He reads out the names of 18 Armenians who were killed by the Turks in 1915 and who are buried in Lebanon.
"We brought their ashes with us when we came to Lebanon, two of my relatives are among them," he adds.
In the early 20th Century, hundreds of thousands of refugees came to Lebanon fleeing the mass killings of Armenians in Ottoman Turkey.
Over the years the Armenian community became an integral part of Lebanon's diverse demographic and political landscape, but it also succeeded at preserving its language and traditions.
Armenian is still the main language spoken in Mr Havatian's family. His mother, Lucine, remembers coming to Anjar as a 12-year-old girl.
"There was nothing but desert here. We lived in tents as we built our own village," she says.
Her wrinkled faces lights up with pride as she adds that 70 years on, she still does not speak a word of Arabic.
"What do I need Arabic for?" she smirks dismissively. "If they want to talk to me, they should learn Armenian."
Guided tour of Armenian shrine in Anjar with Yessaya Havatian
The younger family members chuckle - both amused and embarrassed by the grandmother's lack of political correctness.
Unlike her, they feel not only Armenian but also Lebanese.
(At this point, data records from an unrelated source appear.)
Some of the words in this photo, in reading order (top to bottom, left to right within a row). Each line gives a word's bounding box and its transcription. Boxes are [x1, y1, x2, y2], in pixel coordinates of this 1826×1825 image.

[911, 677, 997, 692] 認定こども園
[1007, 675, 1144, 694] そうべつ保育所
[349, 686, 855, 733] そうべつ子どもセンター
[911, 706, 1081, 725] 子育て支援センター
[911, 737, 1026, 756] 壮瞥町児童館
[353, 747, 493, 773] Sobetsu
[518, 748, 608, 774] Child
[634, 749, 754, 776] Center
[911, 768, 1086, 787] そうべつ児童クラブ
They speak Arabic fluently and they are also keenly aware of the role they are about to play in defining Lebanon's future.
Strength through unity
In the upcoming parliamentary election in June, the main Armenian political party, Tashnak, looks set to play kingmaker.
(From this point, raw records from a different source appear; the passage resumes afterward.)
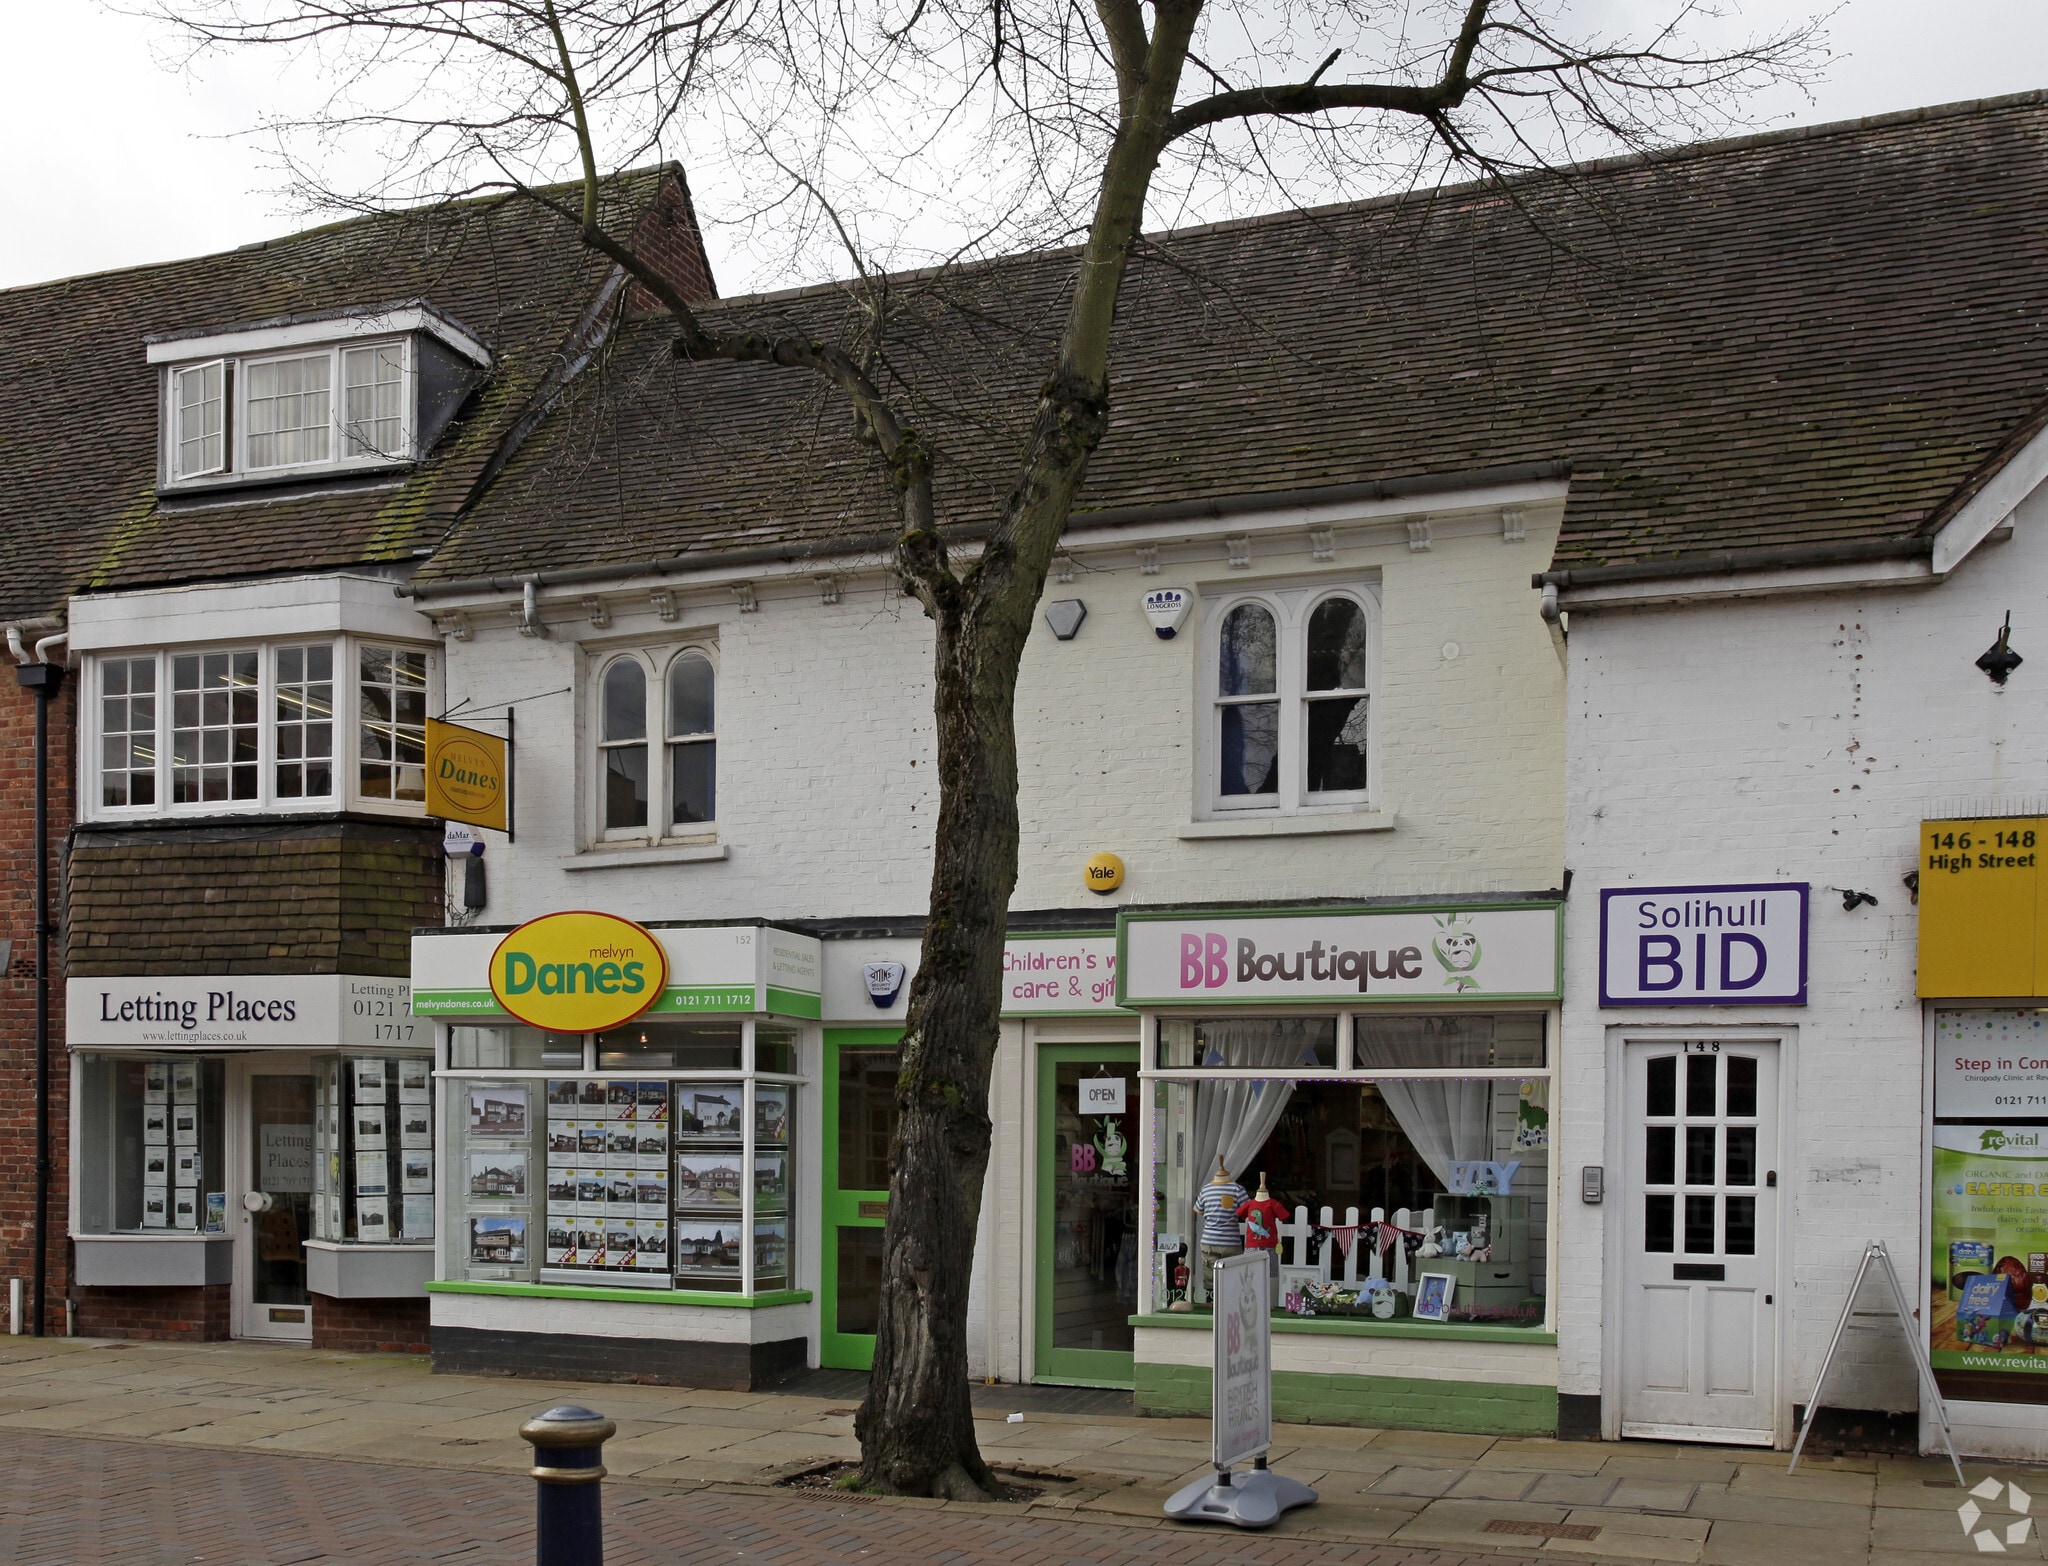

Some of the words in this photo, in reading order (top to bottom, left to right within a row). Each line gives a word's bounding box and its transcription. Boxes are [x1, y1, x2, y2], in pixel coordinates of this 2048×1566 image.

[450, 752, 485, 768] MELVYN
[439, 758, 498, 791] Danes
[447, 831, 470, 840] daMar
[1930, 831, 1972, 850] 146
[1994, 830, 2036, 848] 148
[1929, 852, 1972, 874] High
[1978, 851, 2036, 869] Street
[1089, 866, 1115, 879] Yale
[1638, 899, 1767, 929] Solihull
[735, 935, 751, 945] 152
[589, 943, 634, 962] melvyn
[773, 947, 801, 960] RESIDENTIAL
[801, 952, 815, 963] SALES
[1002, 948, 1097, 971] Children's
[777, 962, 796, 973] LETTING
[797, 966, 815, 977] AGENTS
[1180, 932, 1228, 989] BB
[1236, 939, 1423, 993] Boutique
[1638, 933, 1768, 992] BID
[505, 952, 645, 995] Danes
[351, 983, 394, 998] Letting
[1012, 981, 1059, 999] care
[1068, 975, 1082, 996] &
[416, 998, 495, 1010] melvyndanes.co.uk
[675, 996, 699, 1006] 0121
[704, 995, 721, 1005] 711
[726, 994, 751, 1005] 1712
[100, 991, 198, 1031] Letting
[206, 990, 297, 1022] Places
[353, 1000, 394, 1017] 0121
[142, 1031, 248, 1043] www.lettingplaces.co.uk
[375, 1024, 414, 1041] 1717
[1683, 1041, 1720, 1053] 148
[1955, 1057, 1991, 1073] Step
[1997, 1057, 2012, 1069] in
[1964, 1074, 2001, 1082] Chiropody
[1089, 1088, 1116, 1102] OPEN
[1995, 1095, 2022, 1105] 0121
[2027, 1095, 2047, 1105] 711
[621, 1102, 637, 1118] SOLD
[651, 1102, 667, 1119] SOLD
[266, 1132, 312, 1151] Letting
[1989, 1133, 2039, 1146] revital
[268, 1153, 310, 1168] Places
[1071, 1143, 1096, 1172] BB
[262, 1176, 279, 1186] 0121
[298, 1176, 313, 1187] 171
[1965, 1170, 2012, 1179] ORGANIC
[2015, 1171, 2032, 1179] and
[1966, 1182, 2035, 1197] EASTER
[1971, 1205, 2004, 1214] Indulge
[2006, 1205, 2022, 1213] this
[1997, 1215, 2019, 1224] dairy
[2022, 1215, 2039, 1223] and
[560, 1246, 576, 1262] SOLD
[590, 1247, 605, 1263] SOLD
[620, 1249, 636, 1265] SOLD
[1972, 1283, 2000, 1297] dairy
[1285, 1292, 1303, 1312] BB
[1967, 1294, 1990, 1306] free
[1417, 1301, 1537, 1319] bb-boutique.co.uk
[1227, 1311, 1241, 1357] BB
[1962, 1355, 2048, 1369] www.revita
The vote of the 150,000-strong Armenian community may sway the outcome of the bitter and close race between the pro-Western government and the opposition led by Hezbollah, a Shia group backed by Syria and Iran.
Anjar encampment, 1939
The Armenian community first settled in Anjar in the eastern Beqaa in 1939
In the run-up to the election, politicians from both blocs have been fighting for the Armenian votes.
But of the three Armenian parties, Tashnak enjoys most support and it has already made its choice, joining the Hezbollah-led alliance.
"What makes us strong is our unity. That's how we survive as a community, that's how we preserve our identity - and that's why I'll vote with everyone else," Mr Havatian says.
But voting for the opposition is also highly unusual for the Armenian community, which has traditionally gone with the government, not against it.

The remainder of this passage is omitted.